> How to complete this task
Each record below must come back exactly as written; its pictures must not.
Given records: Begin
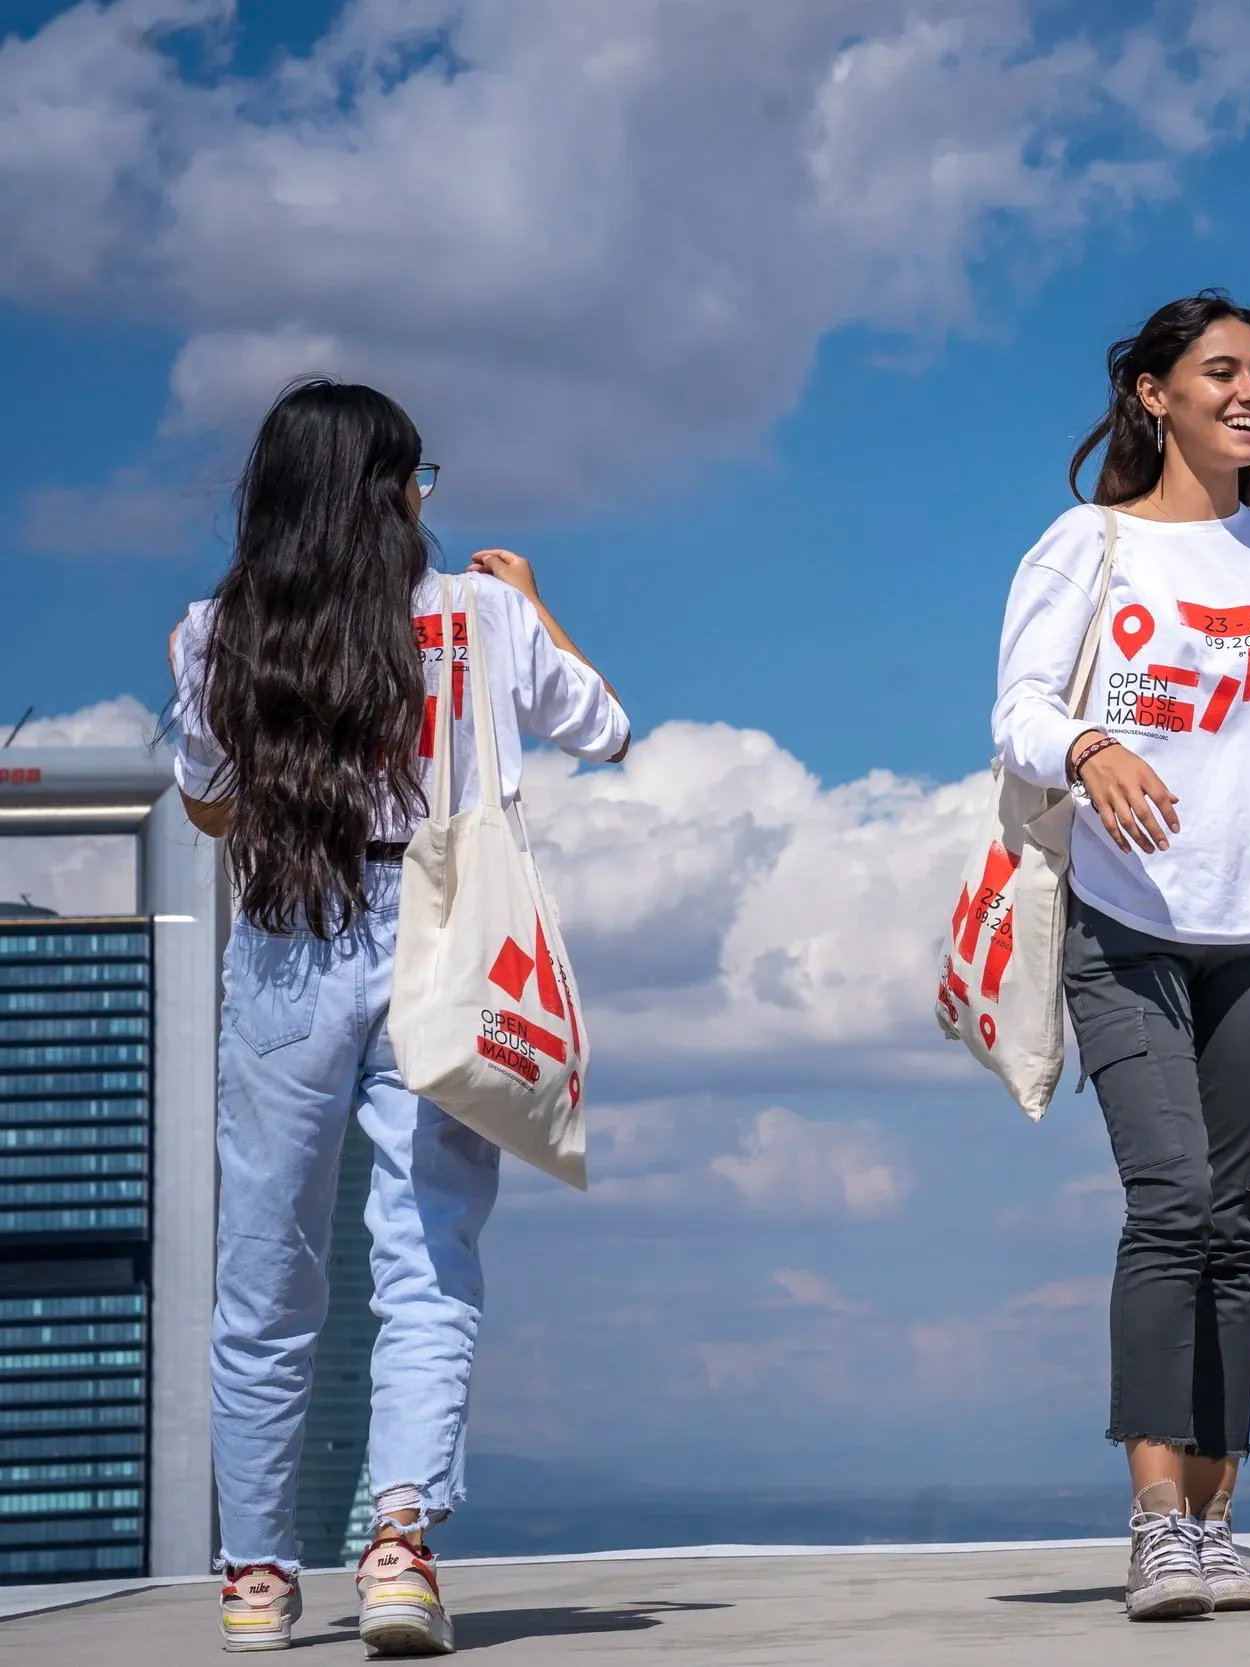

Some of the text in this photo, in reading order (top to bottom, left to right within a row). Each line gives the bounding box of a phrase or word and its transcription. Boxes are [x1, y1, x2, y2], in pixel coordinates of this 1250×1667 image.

[1204, 614, 1229, 633] 23
[1108, 672, 1169, 693] OPEN
[1106, 690, 1177, 714] HOUSE
[1105, 708, 1185, 733] MADRID
[1107, 728, 1169, 742] PENHOUSEMADRID.ORG
[981, 887, 1006, 910] 23
[481, 1009, 528, 1041] OPEN
[482, 1023, 537, 1062] HOUSE
[482, 1040, 541, 1082] MADRID
[377, 1553, 400, 1567] nike
[249, 1581, 271, 1594] nike
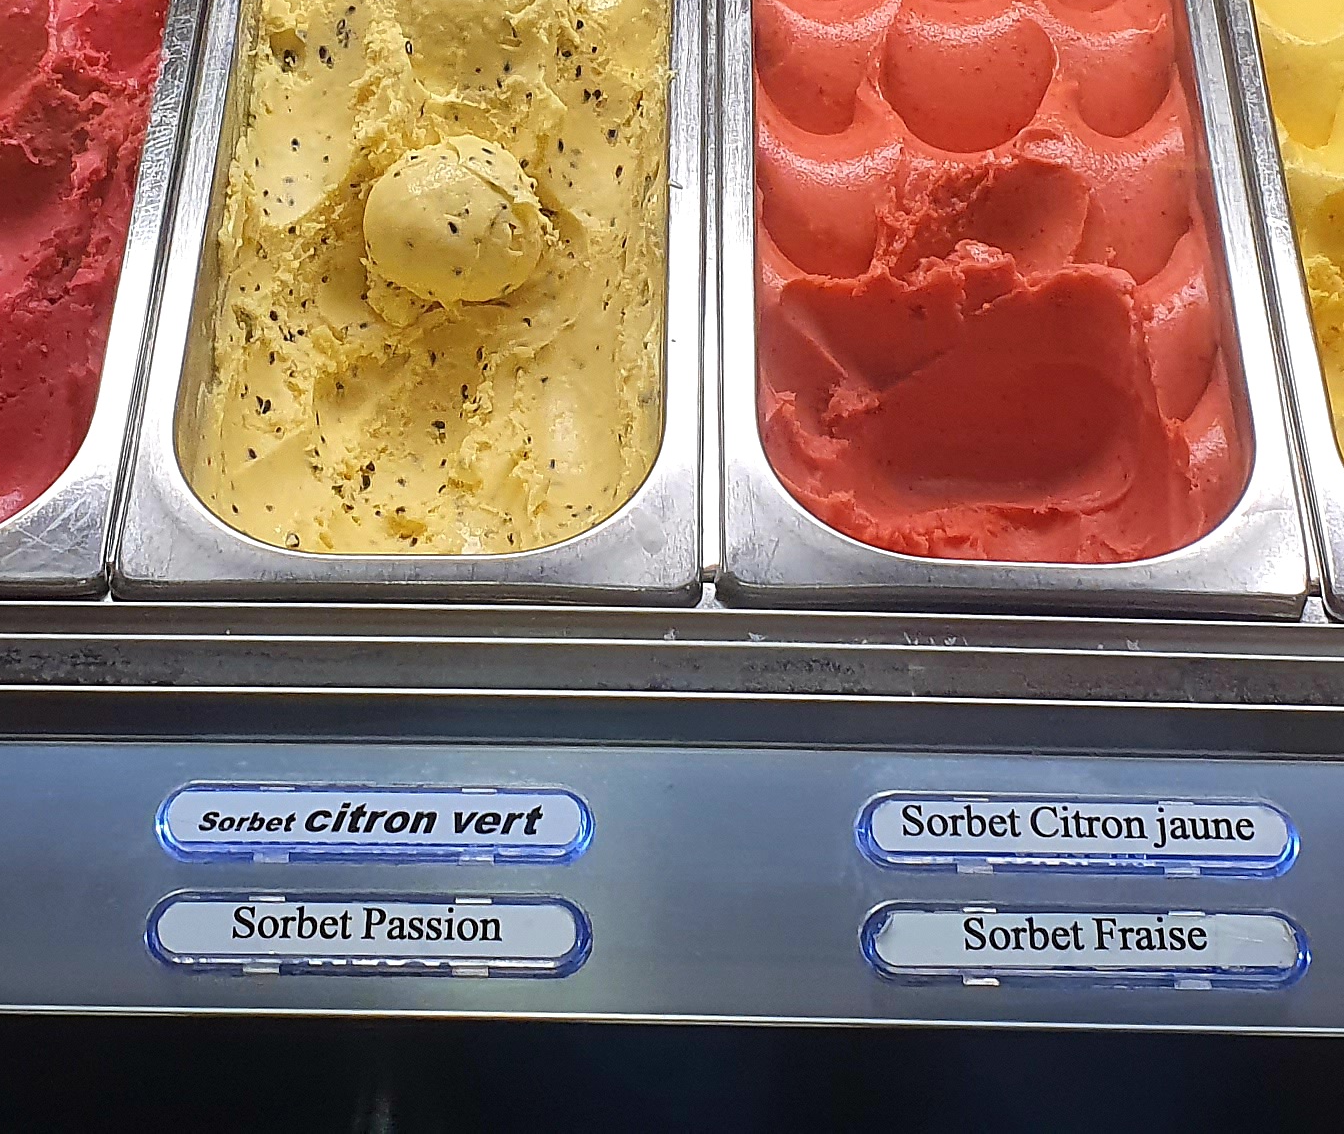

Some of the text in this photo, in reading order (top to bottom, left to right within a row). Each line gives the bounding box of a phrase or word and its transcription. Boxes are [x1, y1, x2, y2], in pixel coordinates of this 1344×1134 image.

[198, 802, 544, 835] Sorbet citron vert
[902, 805, 1256, 848] Sorbet Citron jaune
[232, 907, 503, 942] Sorbet Passion
[963, 917, 1208, 951] Sorbet Fraise
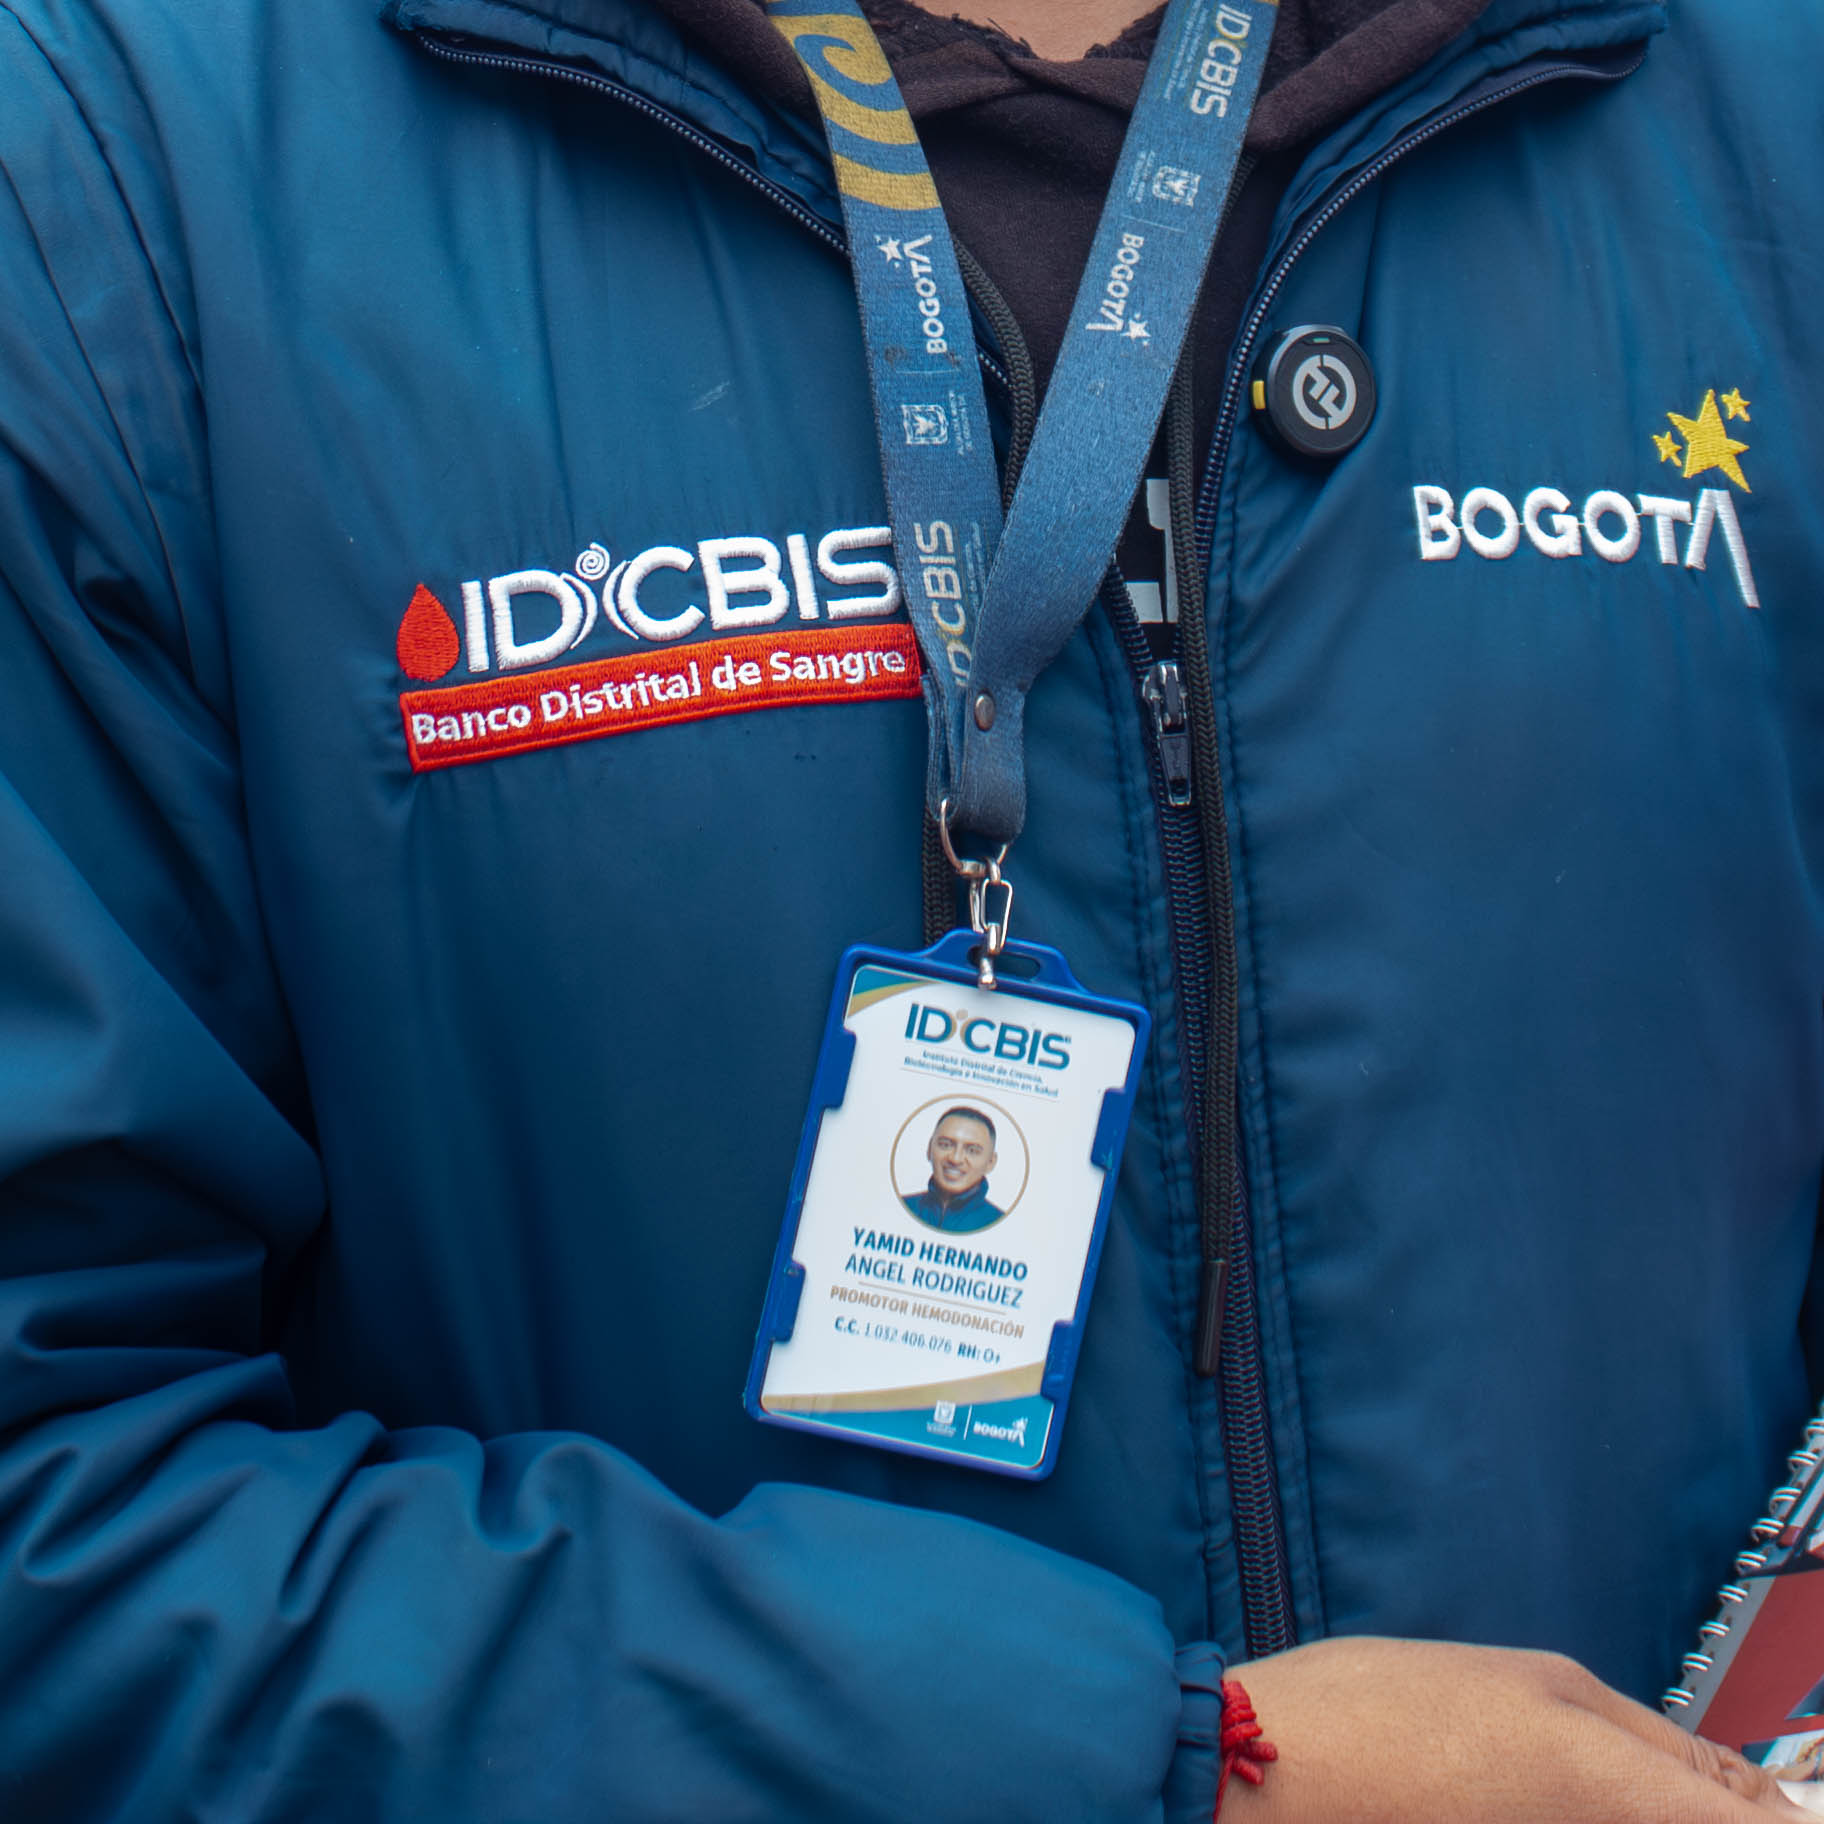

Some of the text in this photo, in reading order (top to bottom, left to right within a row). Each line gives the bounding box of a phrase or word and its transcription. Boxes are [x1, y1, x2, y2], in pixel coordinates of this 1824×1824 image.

[411, 650, 906, 745] Banco Distrital de Sangre
[845, 1253, 1024, 1309] ANGEL RODRIGUEZ
[853, 1225, 1028, 1282] YAMID HERNANDO
[830, 1284, 1025, 1339] PROMOTOR HEMODONACIÓN
[834, 1315, 860, 1335] C.C.
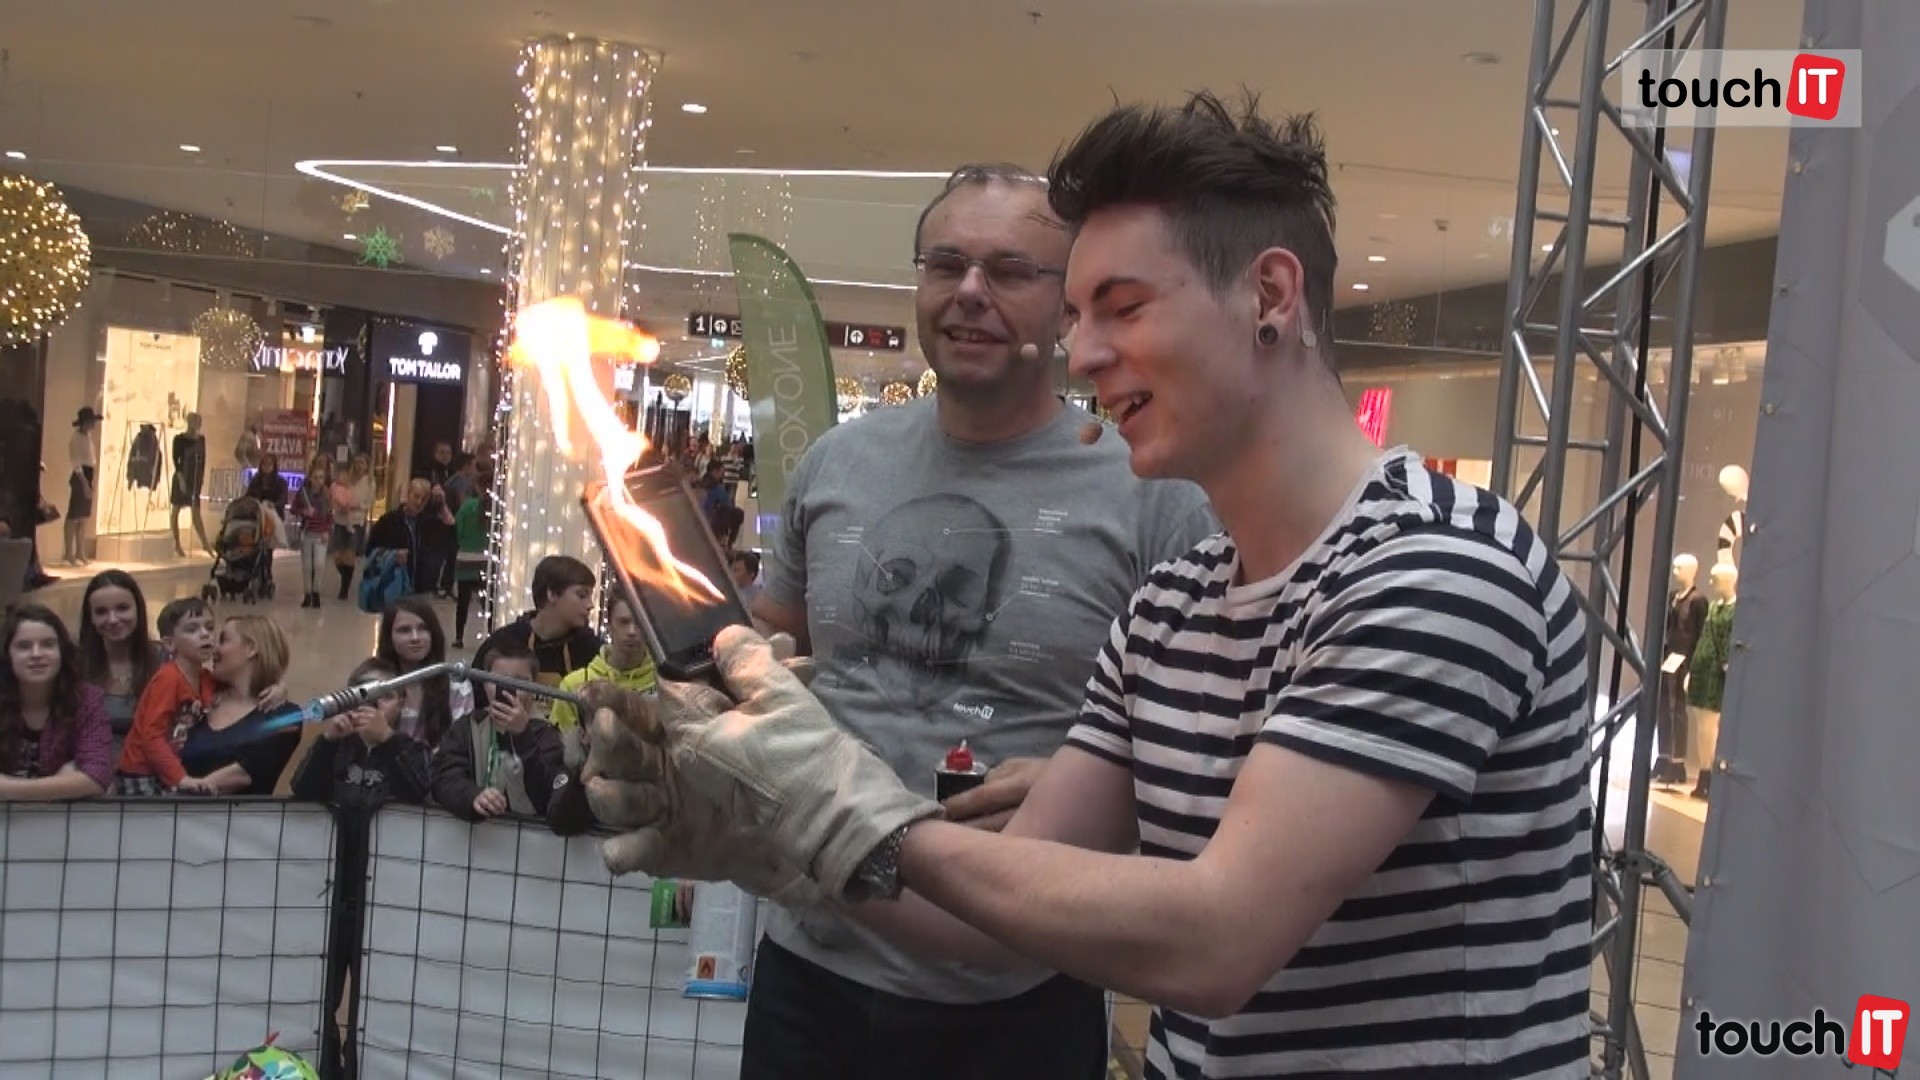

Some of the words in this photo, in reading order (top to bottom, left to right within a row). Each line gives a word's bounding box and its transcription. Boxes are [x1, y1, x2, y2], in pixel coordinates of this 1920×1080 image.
Given records: End
> Response area
Some of the text in this photo, in reading order (top to bottom, left to right within a row). Each line gives the bounding box of a phrase or word and its transcription. Boxes are [x1, y1, x2, y2], in pixel coordinates of this 1250×1667 image.

[1204, 614, 1229, 633] 23
[1108, 672, 1169, 693] OPEN
[1106, 690, 1177, 714] HOUSE
[1105, 708, 1185, 733] MADRID
[1107, 728, 1169, 742] PENHOUSEMADRID.ORG
[981, 887, 1006, 910] 23
[481, 1009, 528, 1041] OPEN
[482, 1023, 537, 1062] HOUSE
[482, 1040, 541, 1082] MADRID
[377, 1553, 400, 1567] nike
[249, 1581, 271, 1594] nike

Some of the text in this photo, in reading order (top to bottom, left to right within a row). Each line gives the bounding box of a phrase or word and its transcription. Boxes are [x1, y1, x2, y2], in pixel coordinates of this 1344×1134 image.

[198, 802, 544, 835] Sorbet citron vert
[902, 805, 1256, 848] Sorbet Citron jaune
[232, 907, 503, 942] Sorbet Passion
[963, 917, 1208, 951] Sorbet Fraise

Some of the text in this photo, in reading order (top to bottom, left to right within a row). Each line gives the bounding box of a phrase or word and its transcription. Boxes are [x1, y1, x2, y2], in pixel coordinates of this 1824×1824 image.

[411, 650, 906, 745] Banco Distrital de Sangre
[845, 1253, 1024, 1309] ANGEL RODRIGUEZ
[853, 1225, 1028, 1282] YAMID HERNANDO
[830, 1284, 1025, 1339] PROMOTOR HEMODONACIÓN
[834, 1315, 860, 1335] C.C.

Some of the words in this photo, in reading order (top to bottom, left to right within a row). Each line gives a word's bounding box and its transcription. Boxes are [x1, y1, x2, y2], in pixel coordinates of this 1920×1080 image.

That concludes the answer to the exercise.